──────── PROVIDED INFORMATION ────────

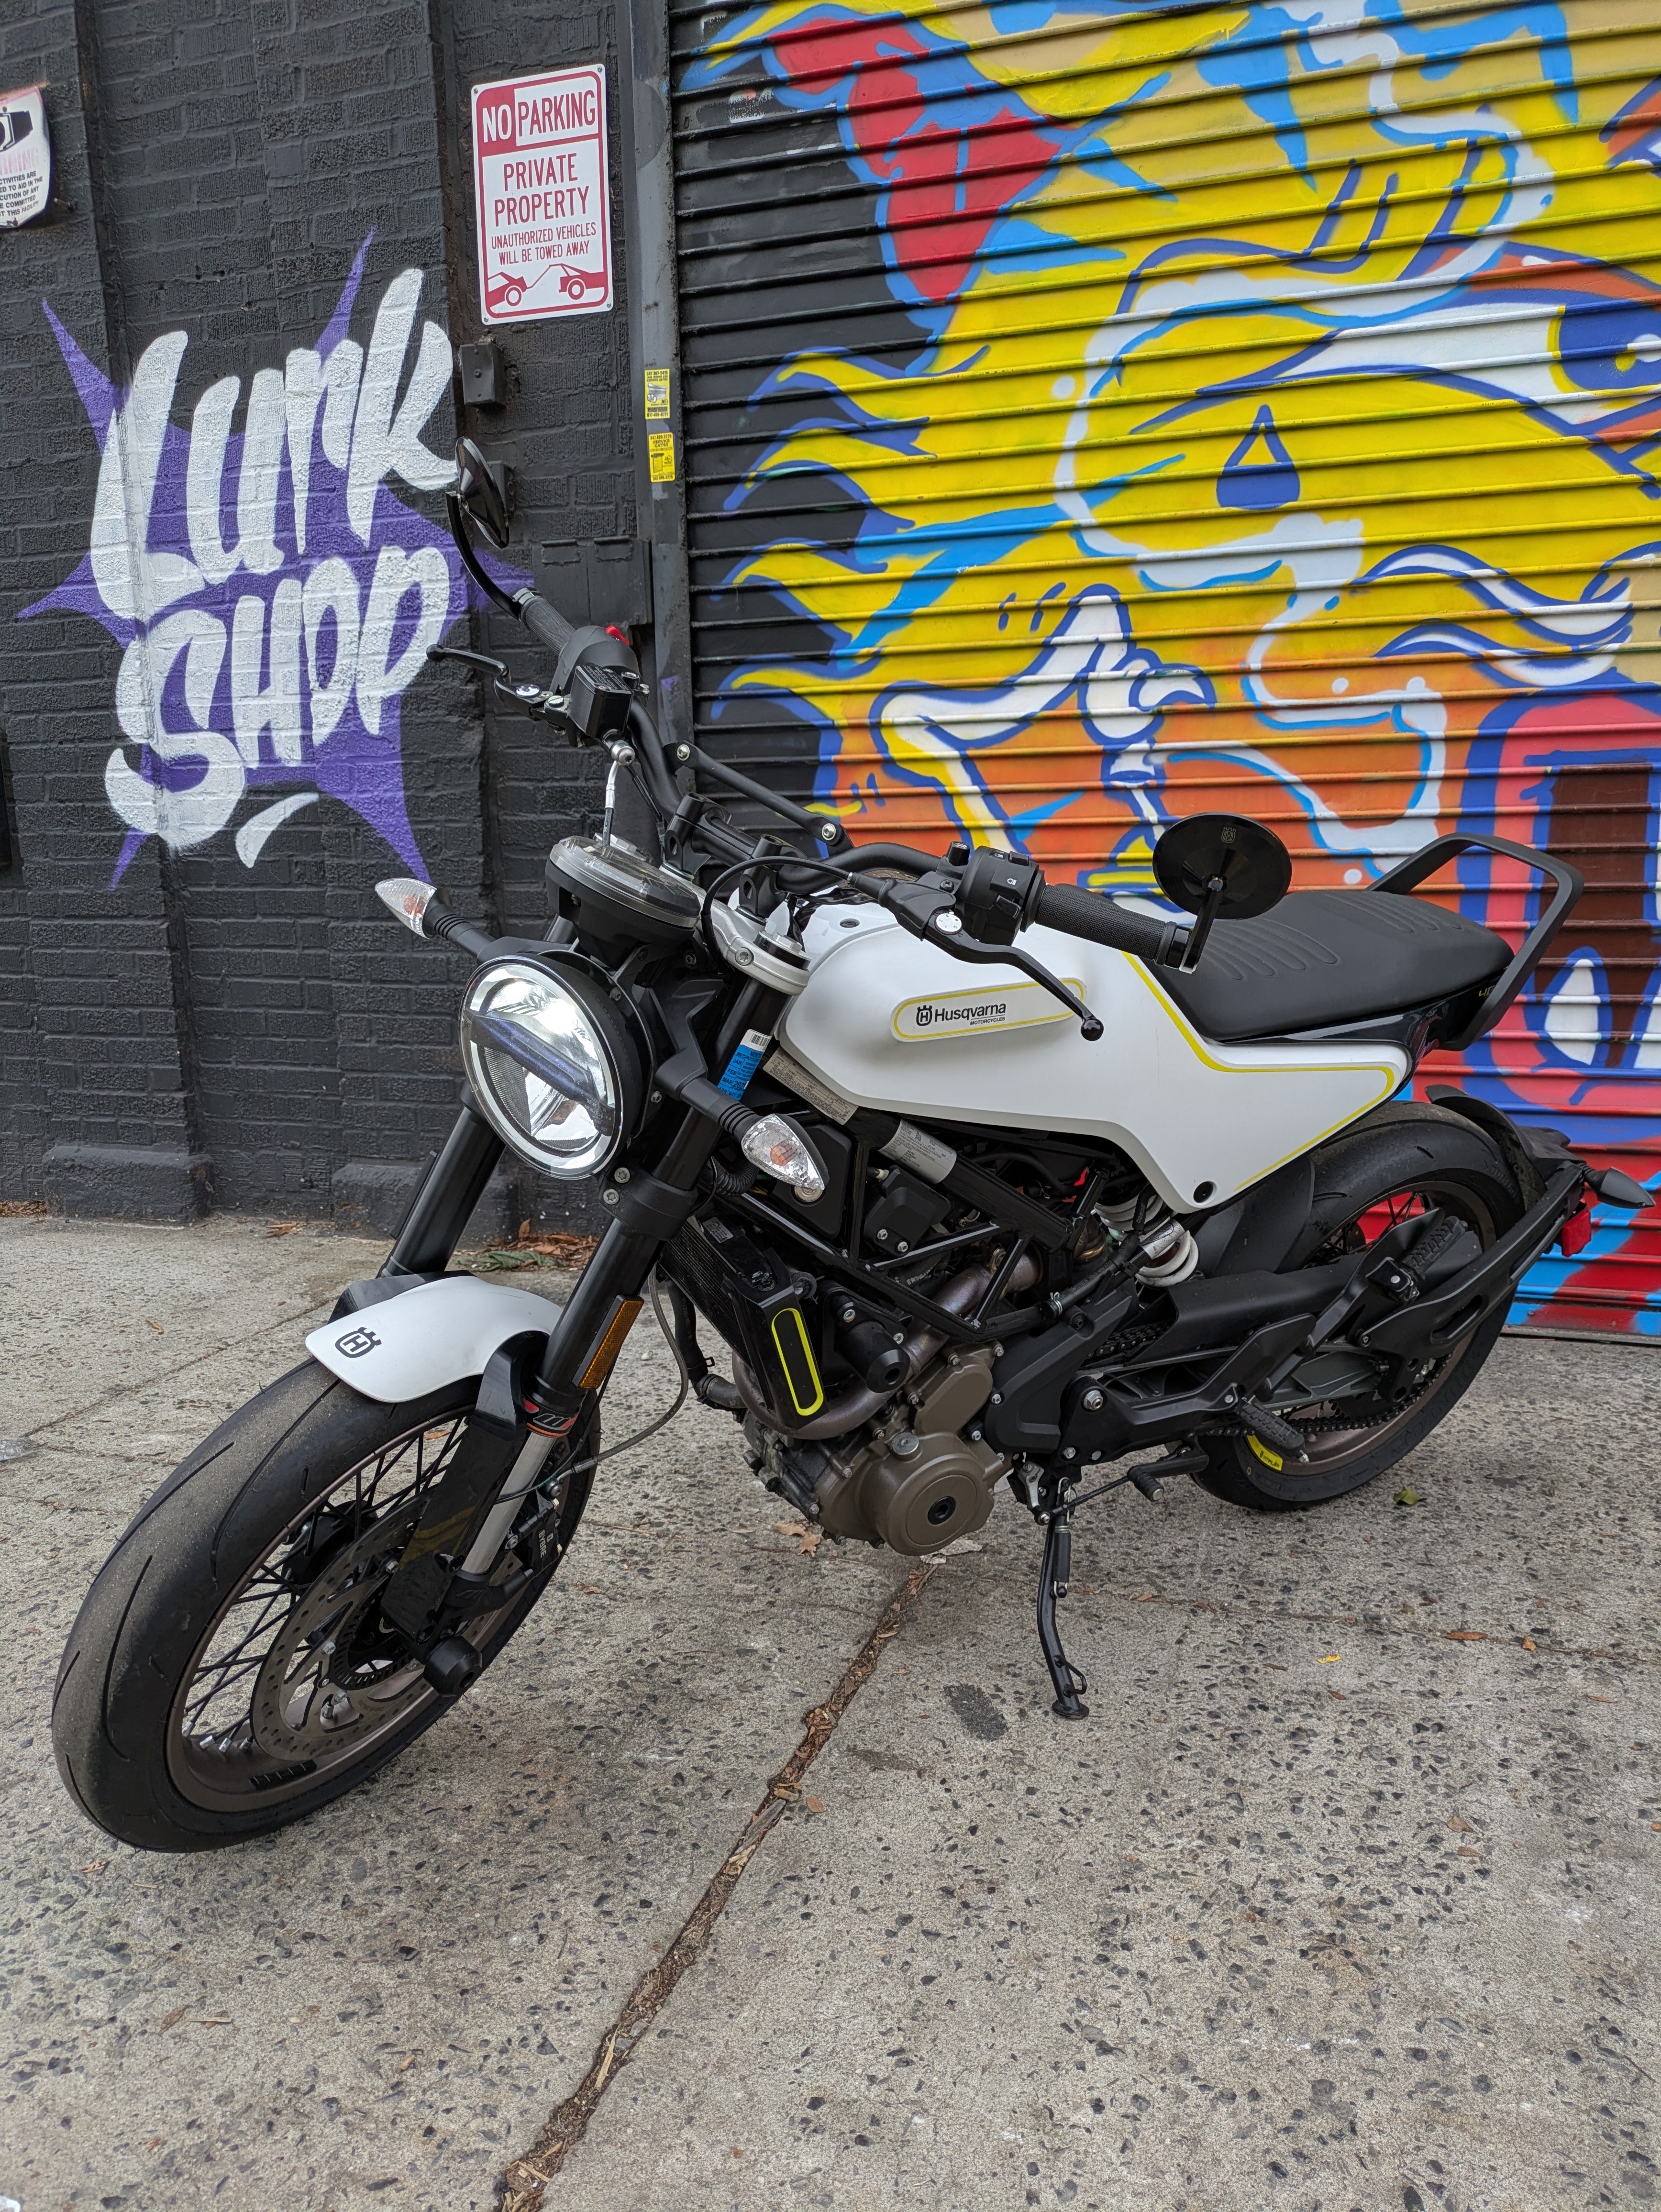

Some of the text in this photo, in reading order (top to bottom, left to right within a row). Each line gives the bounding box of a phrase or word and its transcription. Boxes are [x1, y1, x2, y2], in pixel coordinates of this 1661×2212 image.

[482, 90, 596, 143] NO PARKING
[27, 170, 36, 179] ARE
[503, 153, 578, 191] PRIVATE
[30, 185, 39, 194] ANY
[6, 195, 36, 208] COMMITTED
[22, 199, 39, 213] FACILITY
[494, 186, 589, 227] PROPERTY
[491, 222, 597, 249] UNAUTHORIZED VEHICLES
[499, 240, 589, 265] WILL BE TOWED AWAY
[934, 1003, 1006, 1022] Husqvarna
[970, 1017, 1005, 1025] MOTORCYCLES
[1263, 1455, 1280, 1468] VITPILEN
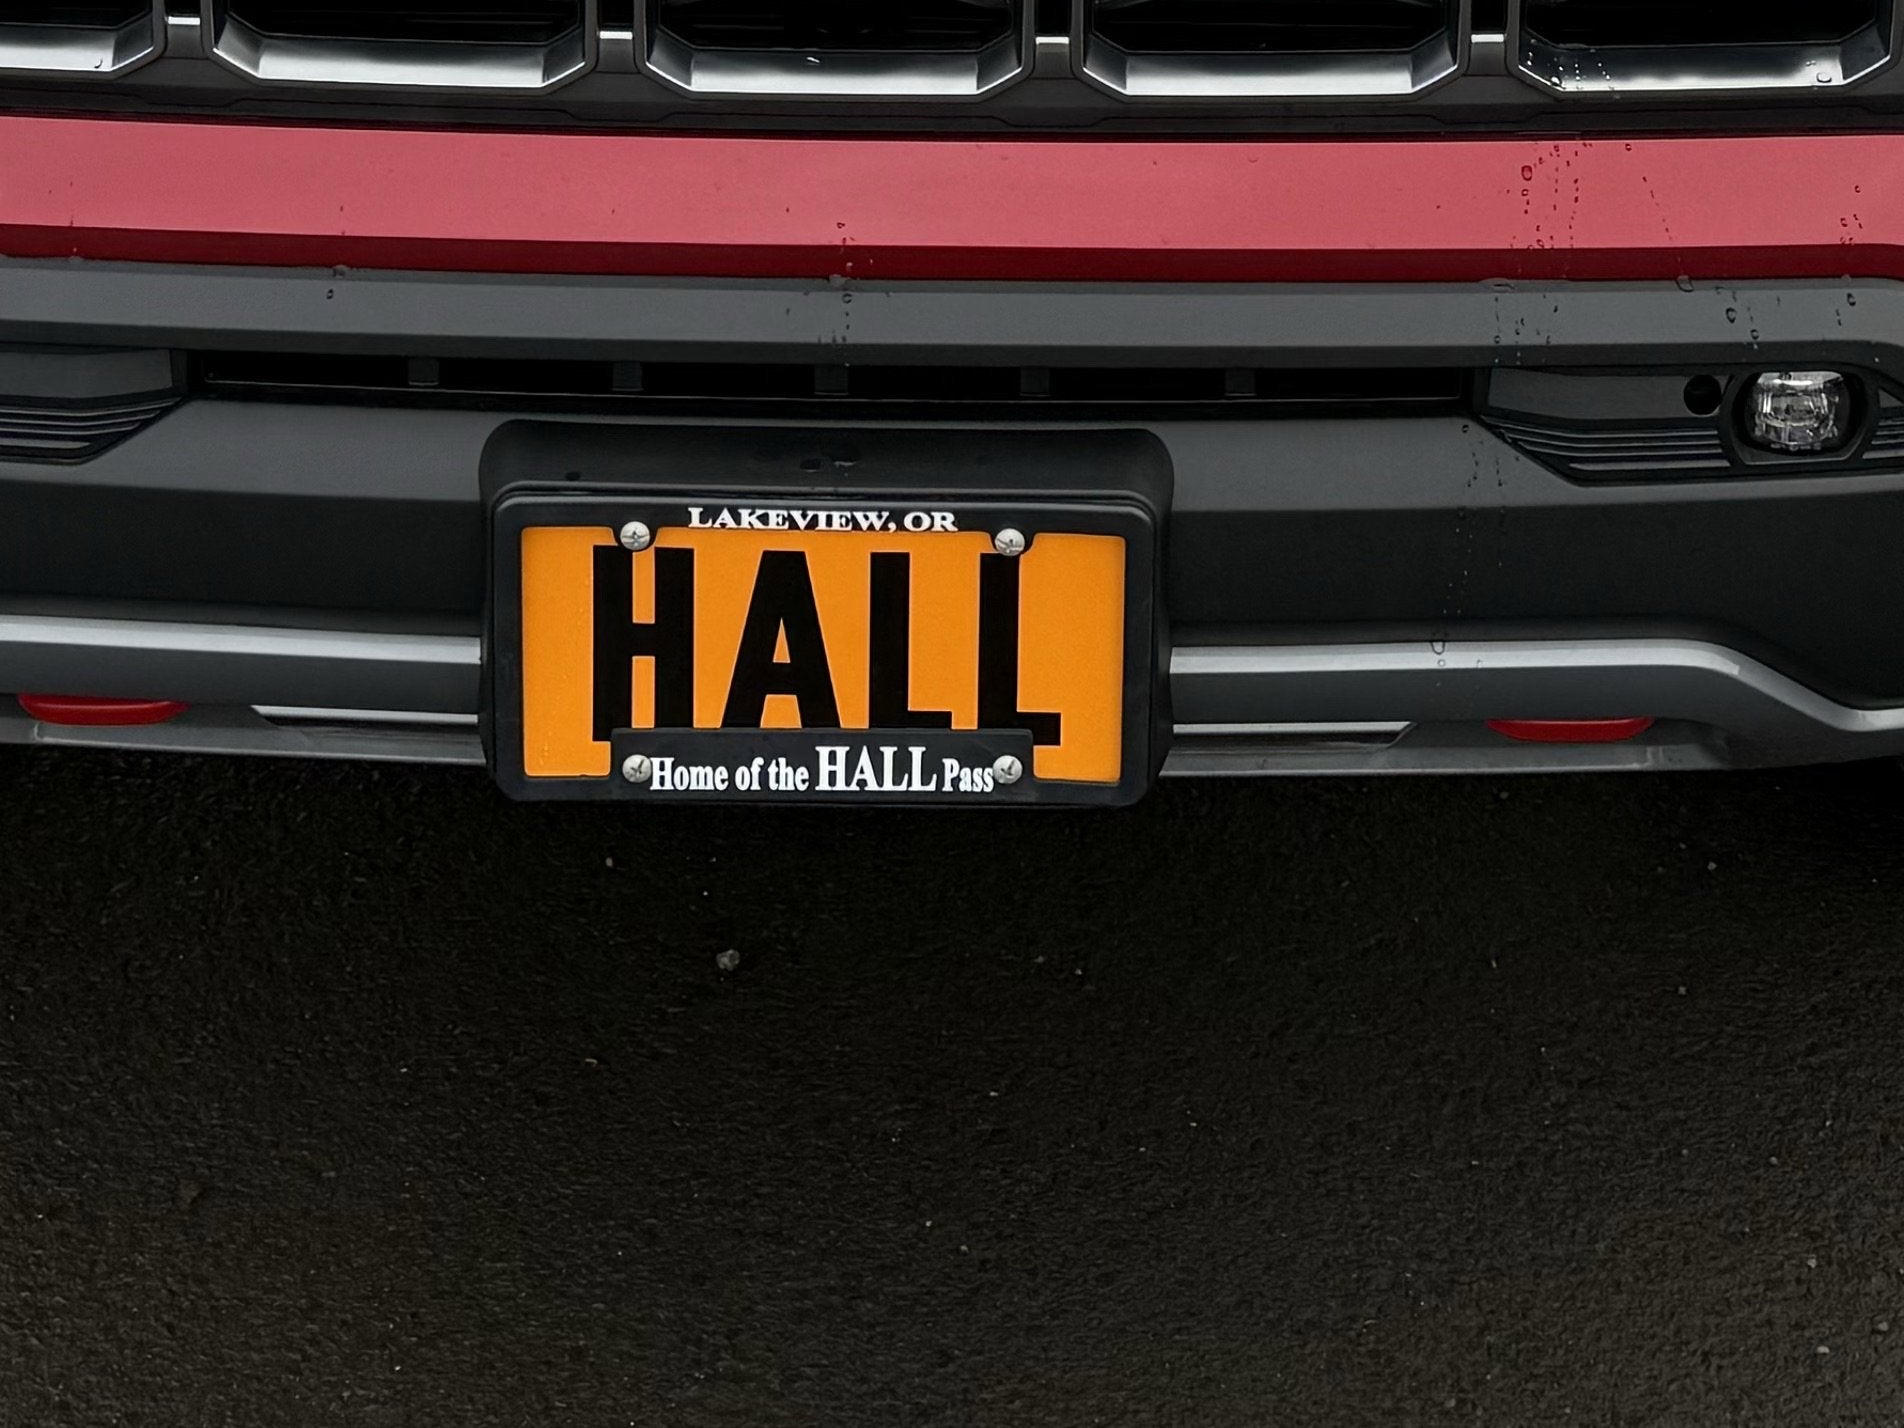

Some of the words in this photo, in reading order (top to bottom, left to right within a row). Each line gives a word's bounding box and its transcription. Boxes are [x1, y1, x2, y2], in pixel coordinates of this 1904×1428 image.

────────

__WHAT IS BEING ASKED__:
The job is to copy all the records precisely while omitting any picture.

__ANSWER AREA__:
Some of the text in this photo, in reading order (top to bottom, left to right within a row). Each line gives the bounding box of a phrase or word and its transcription. Boxes are [x1, y1, x2, y2], in pixel coordinates of this 1661×2212 image.

[482, 90, 596, 143] NO PARKING
[27, 170, 36, 179] ARE
[503, 153, 578, 191] PRIVATE
[30, 185, 39, 194] ANY
[6, 195, 36, 208] COMMITTED
[22, 199, 39, 213] FACILITY
[494, 186, 589, 227] PROPERTY
[491, 222, 597, 249] UNAUTHORIZED VEHICLES
[499, 240, 589, 265] WILL BE TOWED AWAY
[934, 1003, 1006, 1022] Husqvarna
[970, 1017, 1005, 1025] MOTORCYCLES
[1263, 1455, 1280, 1468] VITPILEN

Some of the words in this photo, in reading order (top to bottom, left to right within a row). Each line gives a word's bounding box and its transcription. Boxes are [x1, y1, x2, y2], in pixel coordinates of this 1904×1428 image.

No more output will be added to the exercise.